The solution emerging across the industry is AI-powered customer enablement.

Companies are deploying customer-facing AI agents that walk users through new product releases in real time. Instead of sending a changelog email that gets ignored, imagine an AI teammate that notices you're struggling with a workflow and says, "Hey, we just released a feature last week that could help with exactly this. Want me to show you?"

One insight that stuck with me was that the most forward-thinking companies are having their engineers, not just product managers, sit directly with customers every week. This allows them to fix bugs and issues on the spot, creating a feedback loop that's impossible to achieve through traditional channels. It also allows engineers to see firsthand how their code is used and the impact their hard work has on the customer. It creates a win-win that's faster, more accurate, and far more connected to real customer behavior.

What These Trends Mean for Global Teams

All four of these trends converge on one reality: the companies that win will be those that can scale learning and enablement globally, instantly, and continuously.

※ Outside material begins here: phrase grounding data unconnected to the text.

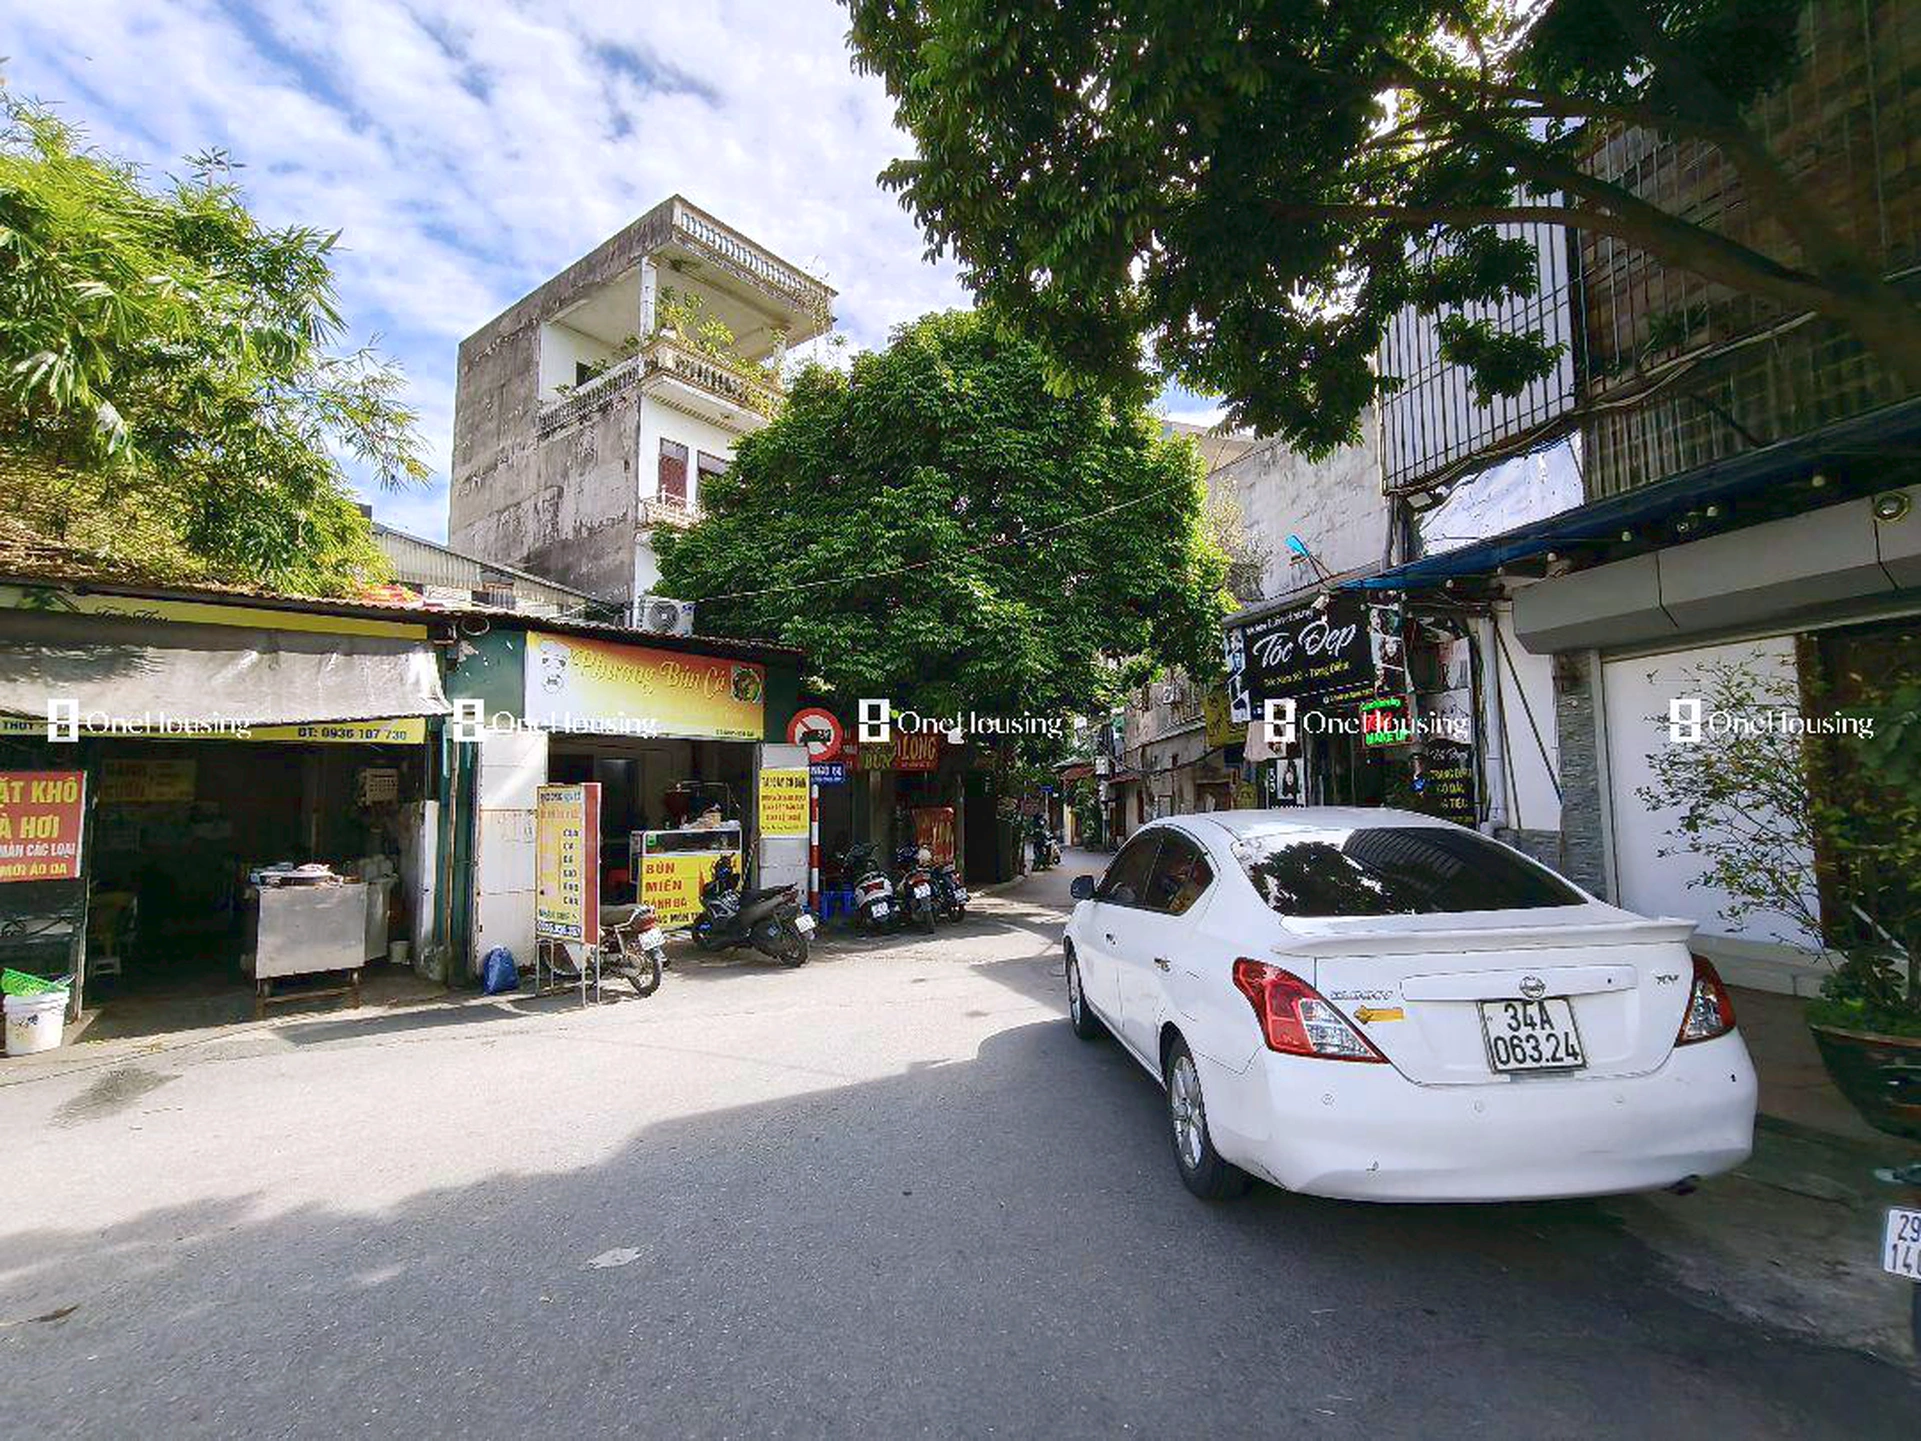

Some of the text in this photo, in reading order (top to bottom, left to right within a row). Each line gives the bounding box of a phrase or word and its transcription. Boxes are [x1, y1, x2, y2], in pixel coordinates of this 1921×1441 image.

[1252, 631, 1294, 668] Tóc
[1298, 619, 1356, 657] Đẹp
[30, 777, 78, 803] KHÔ
[20, 815, 60, 839] HƠI
[26, 841, 49, 857] CÁC
[646, 861, 675, 875] BÚN
[1504, 1000, 1555, 1032] 34A
[1494, 1031, 1580, 1066] 063.24

This is exactly the problem we've been solving at Smartcat with our Learning Content Agent for course creation. It’s designed to move beyond traditional course authoring with an AI course creation tool that helps teams generate and adapt learning content faster. It's an AI teammate that can create and translate training content simultaneously across 280+ languages, and generate microlearning modules that respect the 15-minute attention span reality. It also supports enterprise eLearning workflows by integrating directly with your LMS, learning from your experts to maintain brand voice, compliance standards, and quality.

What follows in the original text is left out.